Items listed in a dataset:
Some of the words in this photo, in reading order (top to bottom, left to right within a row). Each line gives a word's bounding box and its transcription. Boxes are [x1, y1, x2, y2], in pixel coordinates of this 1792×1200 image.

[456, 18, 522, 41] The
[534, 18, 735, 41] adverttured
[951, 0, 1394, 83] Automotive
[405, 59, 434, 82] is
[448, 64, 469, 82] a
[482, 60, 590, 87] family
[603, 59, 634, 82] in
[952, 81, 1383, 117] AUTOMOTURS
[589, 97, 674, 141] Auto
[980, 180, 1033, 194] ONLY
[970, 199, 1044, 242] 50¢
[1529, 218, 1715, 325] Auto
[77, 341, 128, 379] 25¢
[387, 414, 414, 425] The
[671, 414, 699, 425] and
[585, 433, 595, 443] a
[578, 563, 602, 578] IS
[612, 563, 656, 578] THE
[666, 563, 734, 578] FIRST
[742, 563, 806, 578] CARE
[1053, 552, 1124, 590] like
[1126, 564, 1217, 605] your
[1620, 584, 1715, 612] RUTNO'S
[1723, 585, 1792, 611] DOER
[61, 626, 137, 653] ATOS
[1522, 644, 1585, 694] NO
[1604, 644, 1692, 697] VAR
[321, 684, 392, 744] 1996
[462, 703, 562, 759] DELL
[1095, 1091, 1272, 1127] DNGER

Your task ▸ Each record should be transcribed exactly as it was written.

Response area ▸
Some of the words in this photo, in reading order (top to bottom, left to right within a row). Each line gives a word's bounding box and its transcription. Boxes are [x1, y1, x2, y2], in pixel coordinates of this 1792×1200 image.

[456, 18, 522, 41] The
[534, 18, 735, 41] adverttured
[951, 0, 1394, 83] Automotive
[405, 59, 434, 82] is
[448, 64, 469, 82] a
[482, 60, 590, 87] family
[603, 59, 634, 82] in
[952, 81, 1383, 117] AUTOMOTURS
[589, 97, 674, 141] Auto
[980, 180, 1033, 194] ONLY
[970, 199, 1044, 242] 50¢
[1529, 218, 1715, 325] Auto
[77, 341, 128, 379] 25¢
[387, 414, 414, 425] The
[671, 414, 699, 425] and
[585, 433, 595, 443] a
[578, 563, 602, 578] IS
[612, 563, 656, 578] THE
[666, 563, 734, 578] FIRST
[742, 563, 806, 578] CARE
[1053, 552, 1124, 590] like
[1126, 564, 1217, 605] your
[1620, 584, 1715, 612] RUTNO'S
[1723, 585, 1792, 611] DOER
[61, 626, 137, 653] ATOS
[1522, 644, 1585, 694] NO
[1604, 644, 1692, 697] VAR
[321, 684, 392, 744] 1996
[462, 703, 562, 759] DELL
[1095, 1091, 1272, 1127] DNGER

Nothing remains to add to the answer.